Terra Livre tem primeira audiência
No segundo dia do Acampamento Terra Livre, logo após o despertar da aldeia,
os representantes dos povos e seus apoiadores marcharam da Esplanada dos Ministérios
para o auditório Superior Tribunal Justiça. Lá, aconteceu
a primeira Audiência Pública com autoridades que lidam com a questão
dos direitos indígenas e a regularização fundiária.

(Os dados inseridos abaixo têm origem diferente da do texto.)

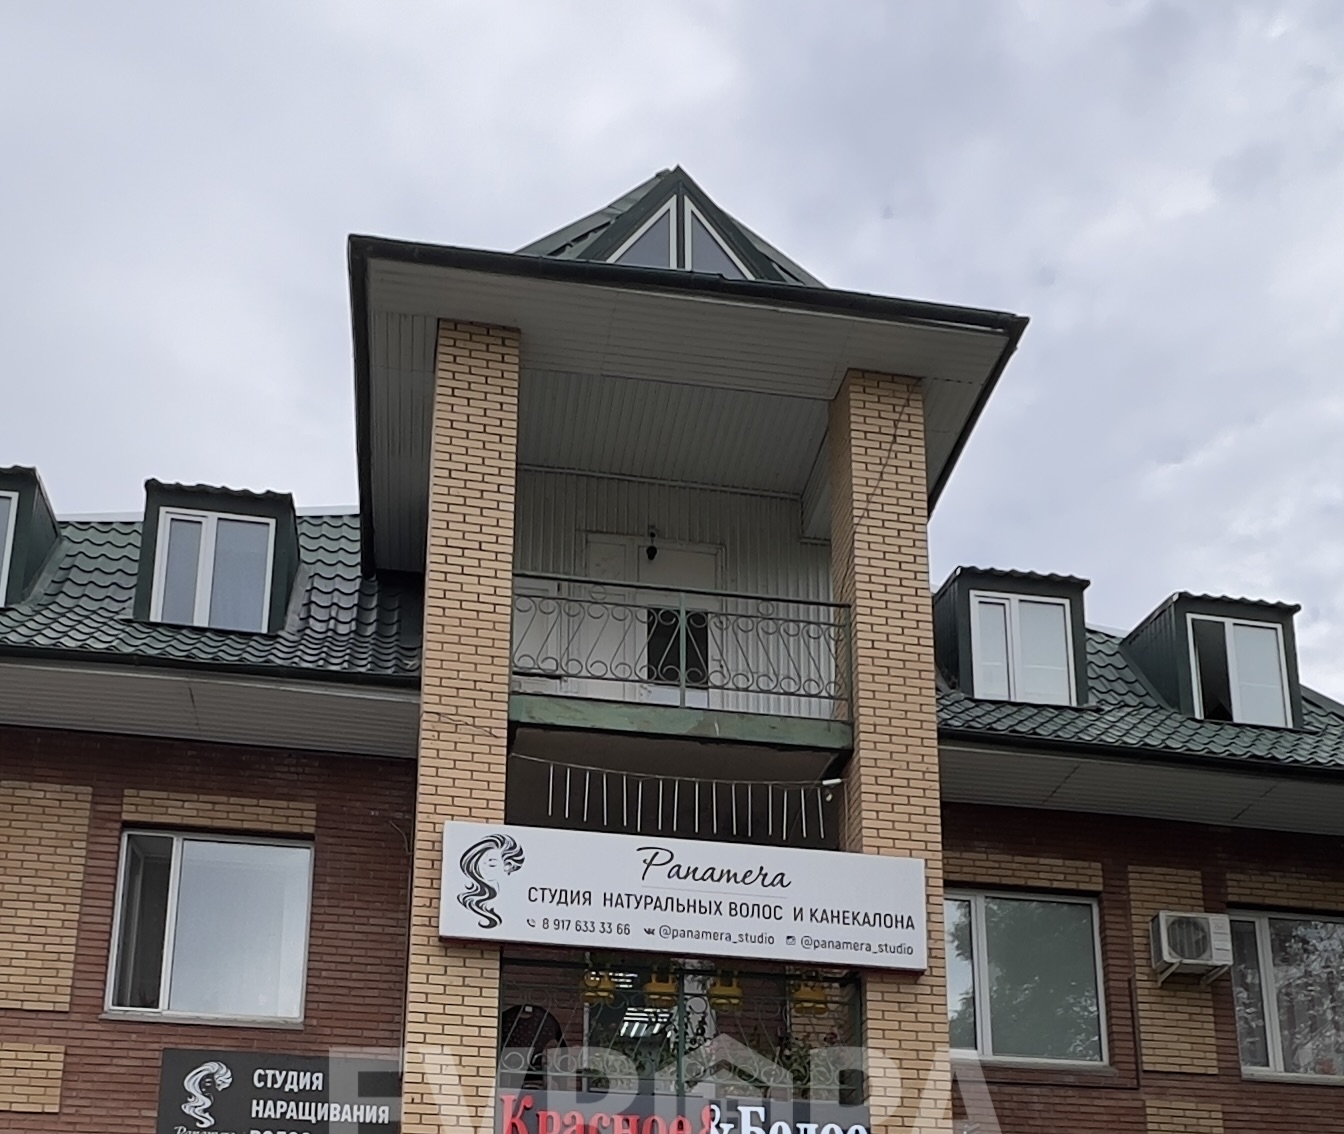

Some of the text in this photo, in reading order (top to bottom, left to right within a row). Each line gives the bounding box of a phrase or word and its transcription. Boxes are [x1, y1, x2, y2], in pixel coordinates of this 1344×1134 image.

[636, 846, 792, 889] Panamera
[528, 887, 916, 930] СТУДИЯ НАТУРАЛЬНЫХ ВОЛОС И КАНЕКАЛОНА
[542, 918, 631, 935] 8 917 633 33 66
[658, 924, 775, 945] @panamera_studio
[800, 935, 914, 955] @panamera_studio
[253, 1069, 324, 1093] СТУДИЯ
[251, 1099, 390, 1124] НАРАЩИВАНИЯ

Foram convidados o Advogado-Geral da União, Álvaro Augusto Ribeiro,
com o presidente Funai, Mércio Gomes, com a coordenadora da 6ª. Câmara
do Ministério Público Federal, Dra. Deborah Duprat , o presidente
do Instituto Nacional de Colonização e Reforma Agrária (Incra),
Holf Hackbart e com o Ministro da Justiça, Marcio Bastos. De todos os
convidados, apenas Bastos não esteve presente. A ausência do Ministro
criou muita insatisfação entre os presentes, já que o intuito
da audiência foi apresentar às autoridades as demandas levantadas
pelos grupos de trabalho da plenária
“ Política Indigenista – análise de conjuntura e questão
fundiária”, realizado no dia anterior no acampamento Terra Livre.

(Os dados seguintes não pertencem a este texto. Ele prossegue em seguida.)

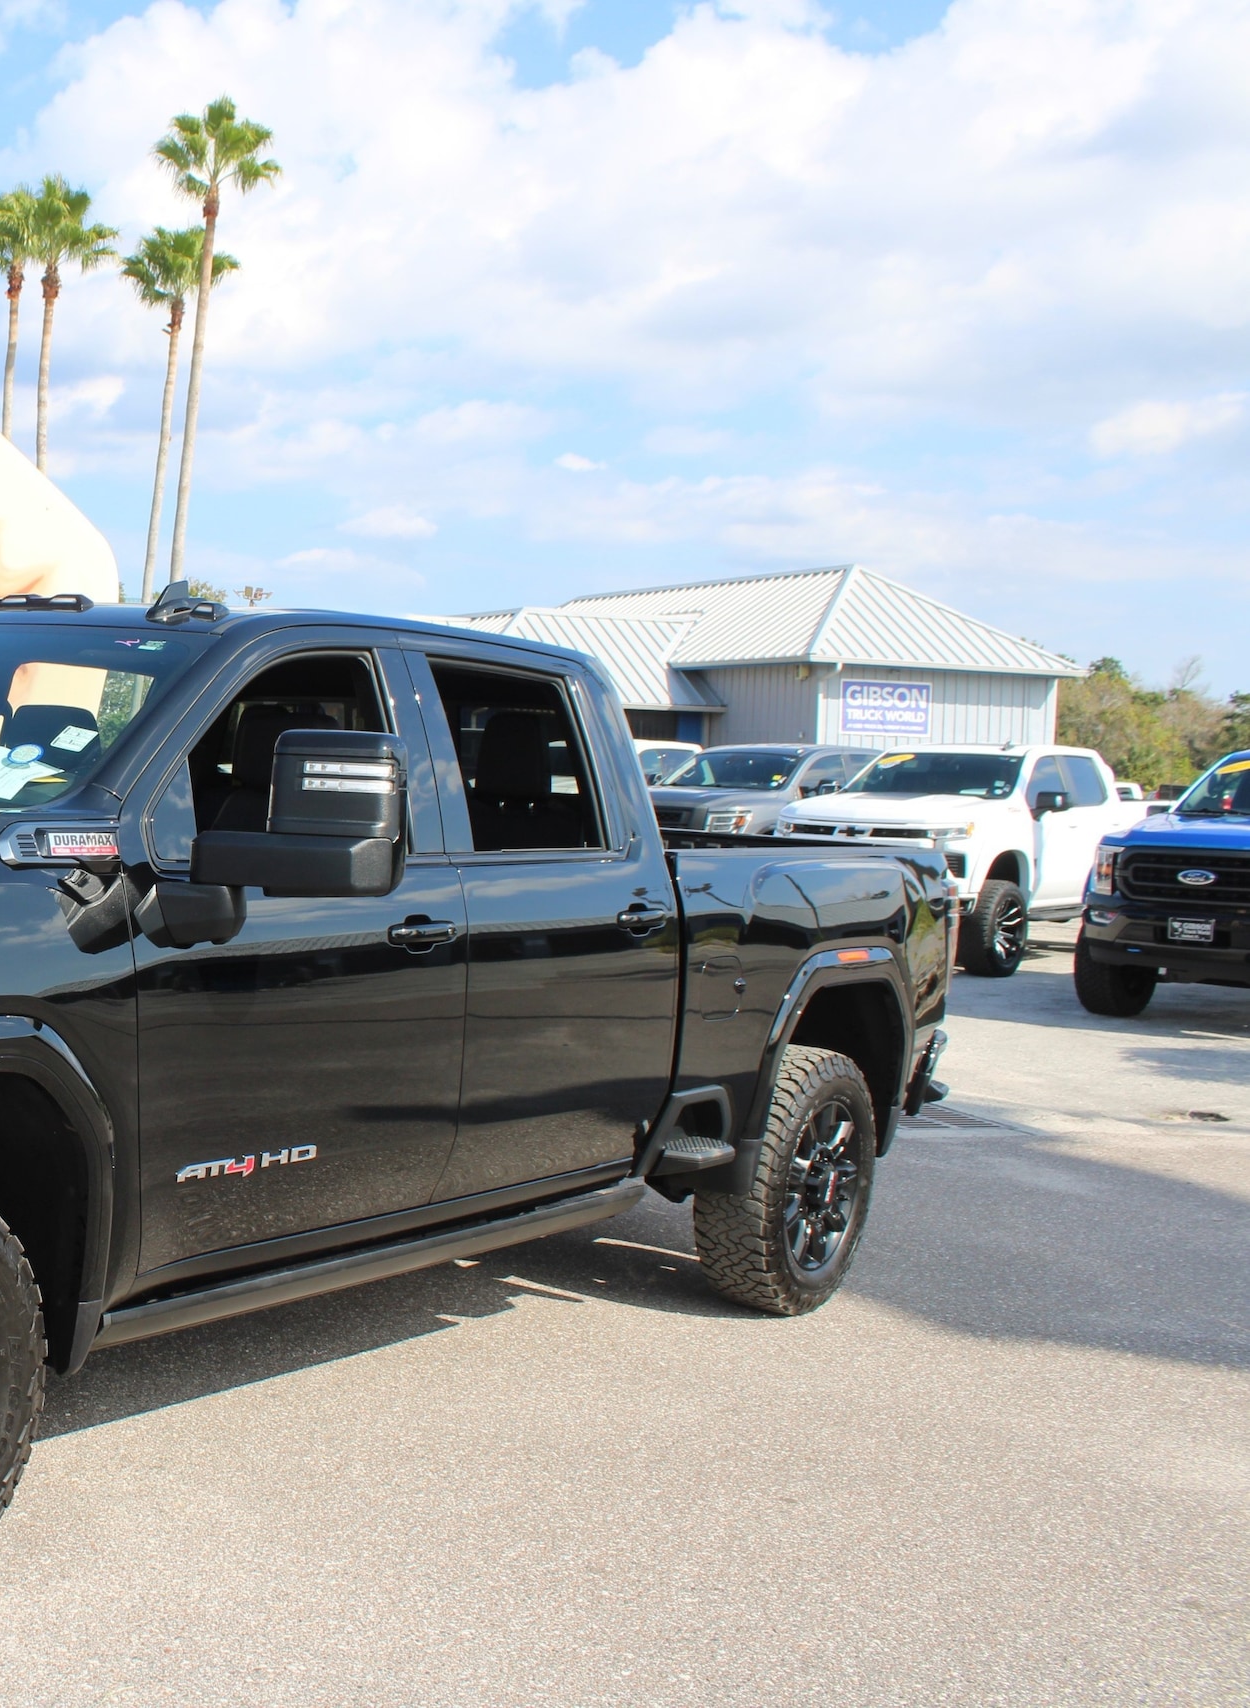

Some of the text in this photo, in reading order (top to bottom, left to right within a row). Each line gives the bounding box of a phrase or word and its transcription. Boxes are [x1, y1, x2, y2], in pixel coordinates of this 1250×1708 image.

[845, 685, 927, 709] GIBSON
[846, 708, 926, 723] TRUCK WORLD
[53, 834, 113, 846] DURAMAX
[175, 1143, 318, 1183] AT4 HD

A constatação feita pela plenária no dia anterior, de que
a falta de vontade política é principal responsável pela
paralisia nas demarcações de terras indígenas, repercutiu
na fala das lideranças de todos os estados do país e dos apoiadores
do movimento.
“ Durante a administração Lula, somente 14 portarias declaratórias
foram expedidas, em média, este é um número menor do que
o dos presidentes Collor, Itamar e FHC”, lembrou Saulo Feitosa, vice-presidente
do Cimi, em sua fala.
Para além da vontade política, outro ponto levantado pelas lideranças é a
incerteza criada pela ameaça das ações na justiça
contra os processos de demarcação. “O que adianta homologação,
homologação se os ‘‘fazendeirões’’ não
saem da nossa terra? Como é que uma terra indígena homologada pelo
Presidente, a justiça pode dizer pode não? Qual autoridade pode
me explicar por que isso acontece?”, questionou a liderança Léia
Guarani Kaiowá, da terra Cerro Marangatu que recentemente teve sua terra
homologada, mas viu o juiz federal de Ponta Porá impedir que a terra fosse
registrada em cartório depois de um processo movido pelos fazendeiros
da região.
Emocionada, Léia seguiu seu relato descrevendo a situação
que enfrenta o seu povo, sintetizando o sentimento de das lideranças presentes. “O
que agente quer é ser livre, ser feliz, viver na nossa terra, ter a nossa
liberdade de usar a terra como a gente quer... se as crianças do Mato
Grosso do Sul estão morrendo é por que a gente não tem terra.
Se os homens são explorados nas usinas é por que a gente não
tem terra, não tem onde trabalhar. Não tem de onde tirar o sustento.
Então os brancos ficam explorando os índios no Mato Grosso do Sul,
como deve acontecer em outros lugares do Brasil. E eu sei que os fazendeiros
têm uma organização muito grande, que usam os recursos para
jogar os índios contra os índios. A gente já sofreu demais
e precisamos viver. Criar os nossos filhos livres em nossa aldeia”.
Para Sub-Procuradora, Deborah Duprat, o problema central na dependência
da vontade política e autonomia dos índios está na incompreensão
por parte do Estado sobre a legislação, “se o Brasil quer
ser uma nação plural, então o destino deste país
cabe a vários grupos étnicos. Cabe a eles dizer o que pensam. Por
isso temos que criar políticas e práticas para os índios
serem permanentemente ouvidos no âmbito das decisões políticas”.
Por sua vez, Deborah aponta o Estado como um dos maiores violadores dos povos, “O
governo não pode ser indutor de violações dos direitos indígenas,
como no caso da redução das terras Baú [Kayapó],
Cachoeira Seca e Raposa Serra do Sol”.